All entries below are to be returned exactly, with pictures left out.
++++ Material for this exercise
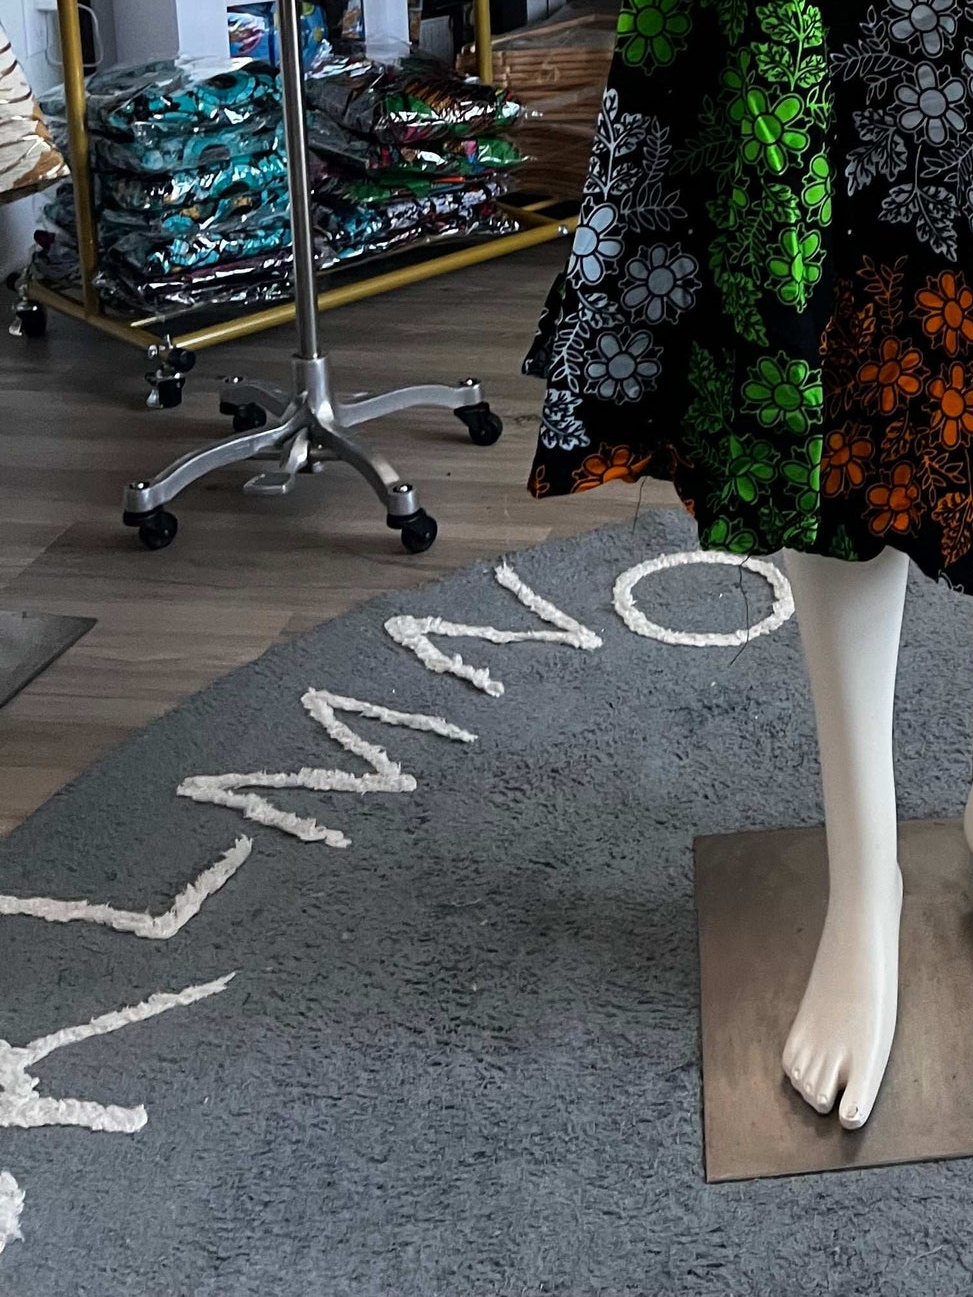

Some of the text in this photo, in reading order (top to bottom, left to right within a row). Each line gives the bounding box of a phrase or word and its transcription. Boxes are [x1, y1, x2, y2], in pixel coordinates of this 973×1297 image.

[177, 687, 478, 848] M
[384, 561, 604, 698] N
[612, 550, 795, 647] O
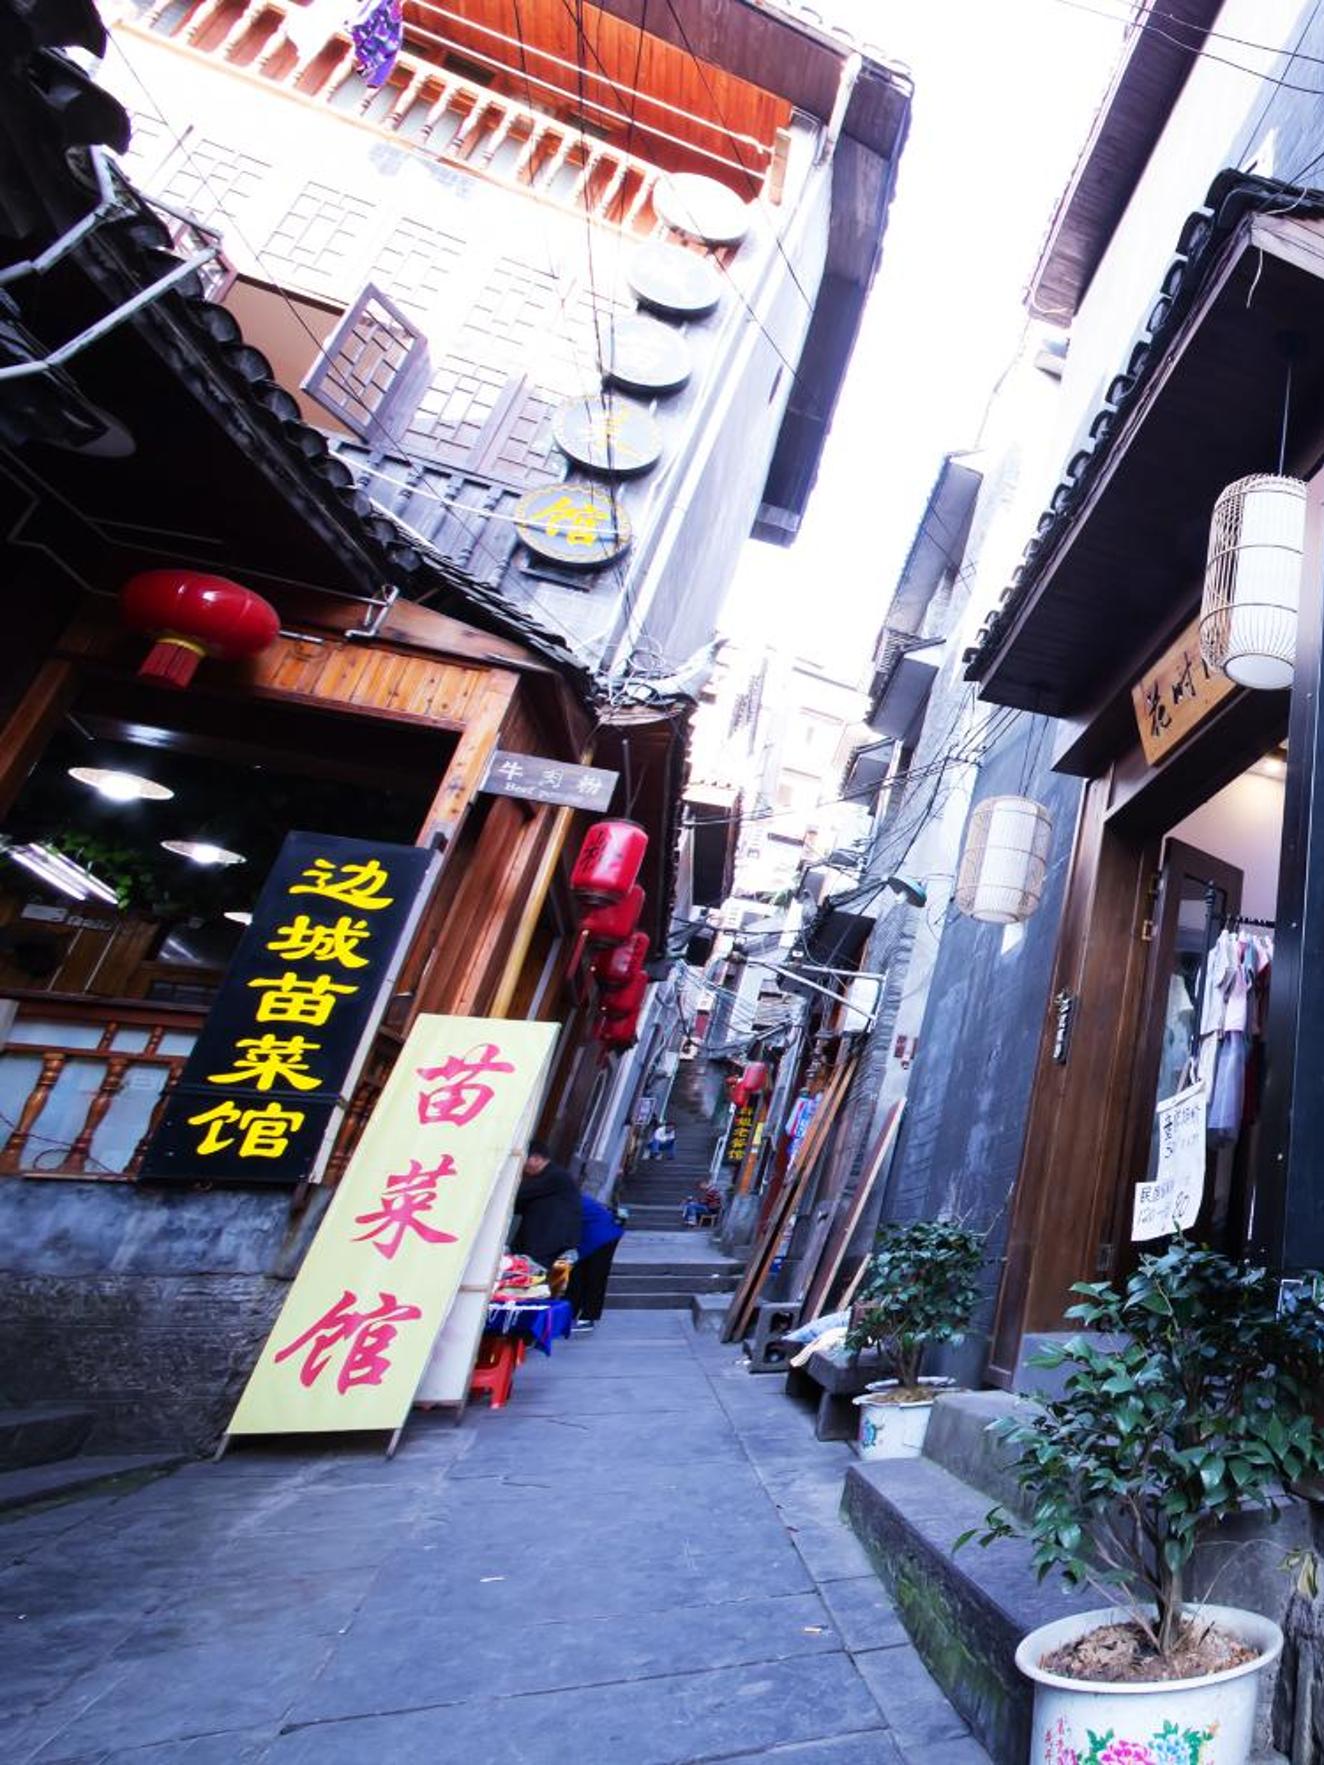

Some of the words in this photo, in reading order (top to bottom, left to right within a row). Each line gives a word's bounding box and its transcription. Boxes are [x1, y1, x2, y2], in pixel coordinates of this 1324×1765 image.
++++++++
_Written solution:_
Some of the text in this photo, in reading order (top to bottom, left to right within a row). Each line gives the bounding box of a phrase or word and its transcription. Boxes are [x1, y1, x2, y2], in pixel coordinates of this 973×1297 image.

[177, 687, 478, 848] M
[384, 561, 604, 698] N
[612, 550, 795, 647] O

Some of the words in this photo, in reading order (top to bottom, left to right within a row). Each line gives a word's bounding box and its transcription. Boxes are [x1, y1, x2, y2], in pixel coordinates of this 1324×1765 image.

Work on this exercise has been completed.